Work to complete: Write every record below out exactly; no images.

Data:
· · · · · · ·

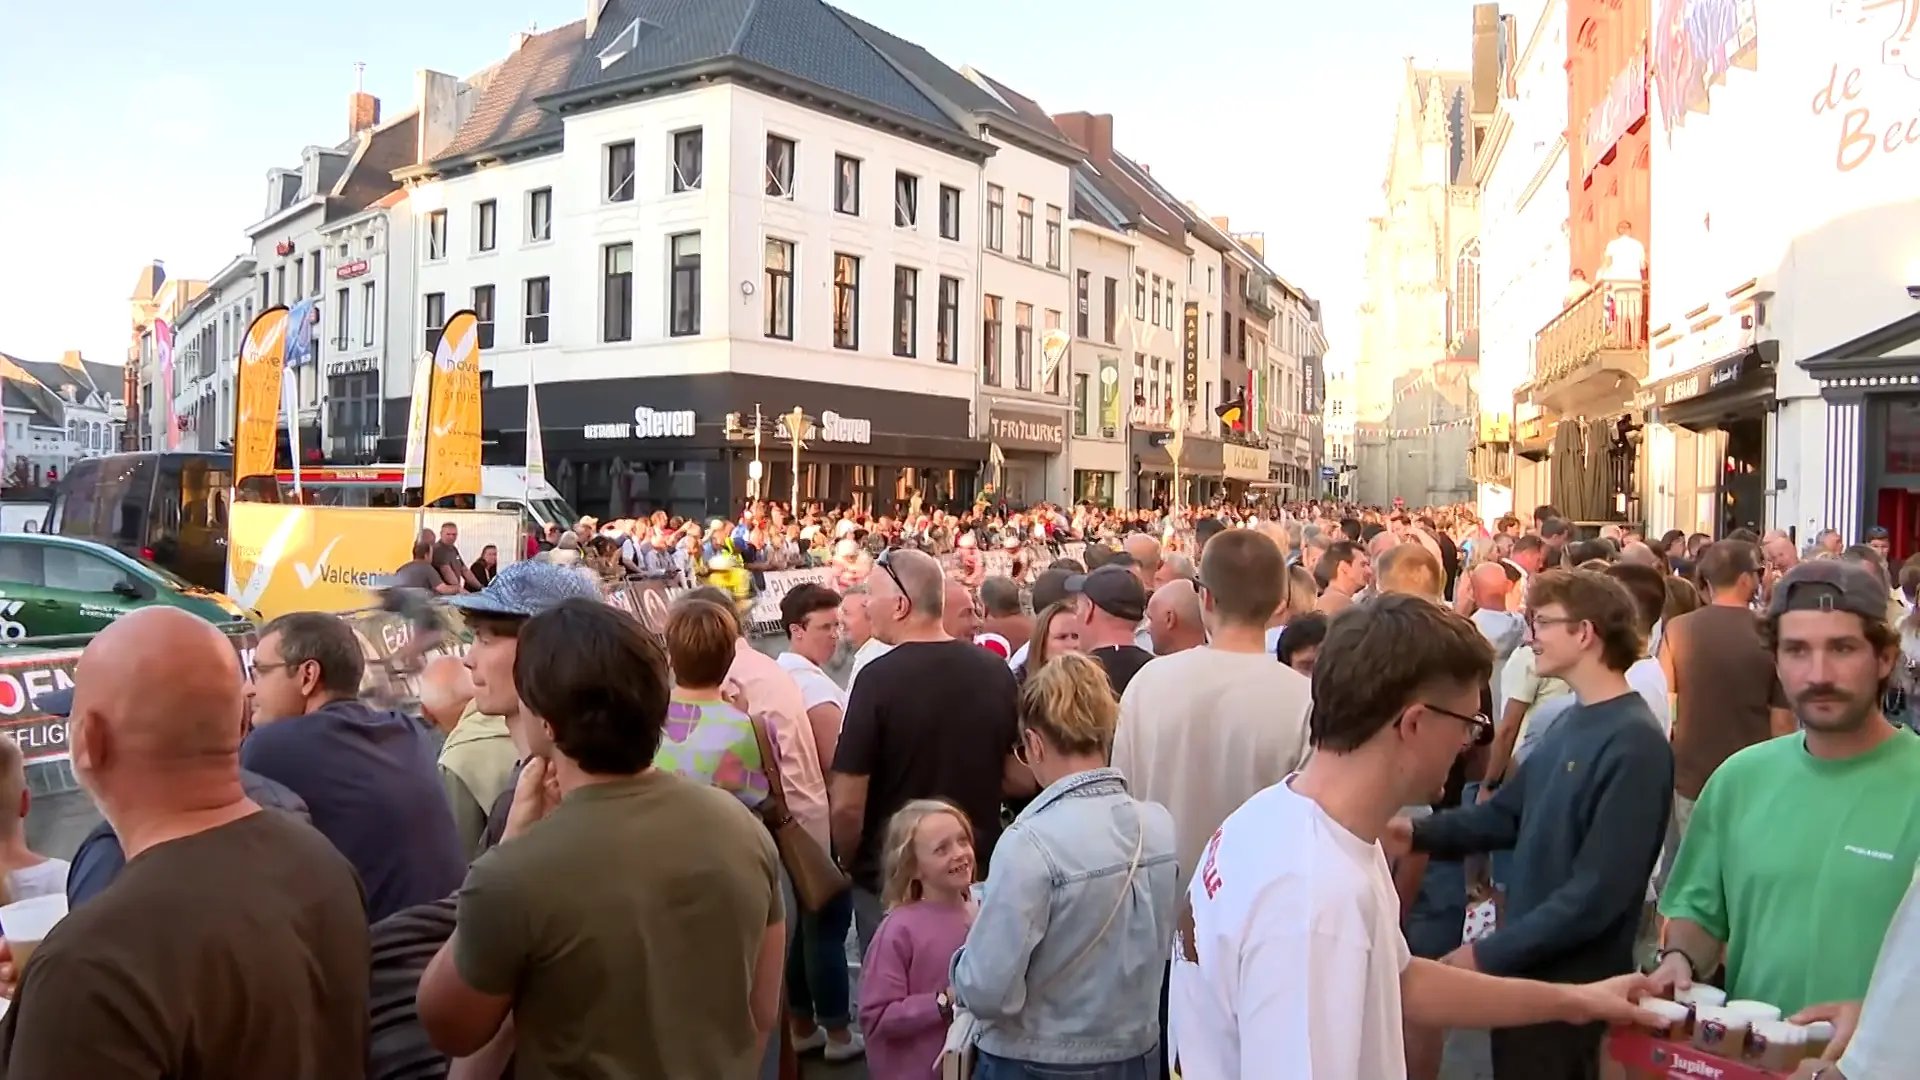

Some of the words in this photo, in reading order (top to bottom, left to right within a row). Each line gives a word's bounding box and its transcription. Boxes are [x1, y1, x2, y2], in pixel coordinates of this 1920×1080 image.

[1811, 62, 1862, 115] de
[635, 406, 696, 438] Steven
[822, 410, 871, 444] Steven
[1000, 419, 1062, 443] FRITUURKE
[1669, 1053, 1724, 1080] Jupiler

· · · · · · ·

Solution to the exercise:
Some of the words in this photo, in reading order (top to bottom, left to right within a row). Each line gives a word's bounding box and its transcription. Boxes are [x1, y1, x2, y2], in pixel coordinates of this 1920×1080 image.

[1811, 62, 1862, 115] de
[635, 406, 696, 438] Steven
[822, 410, 871, 444] Steven
[1000, 419, 1062, 443] FRITUURKE
[1669, 1053, 1724, 1080] Jupiler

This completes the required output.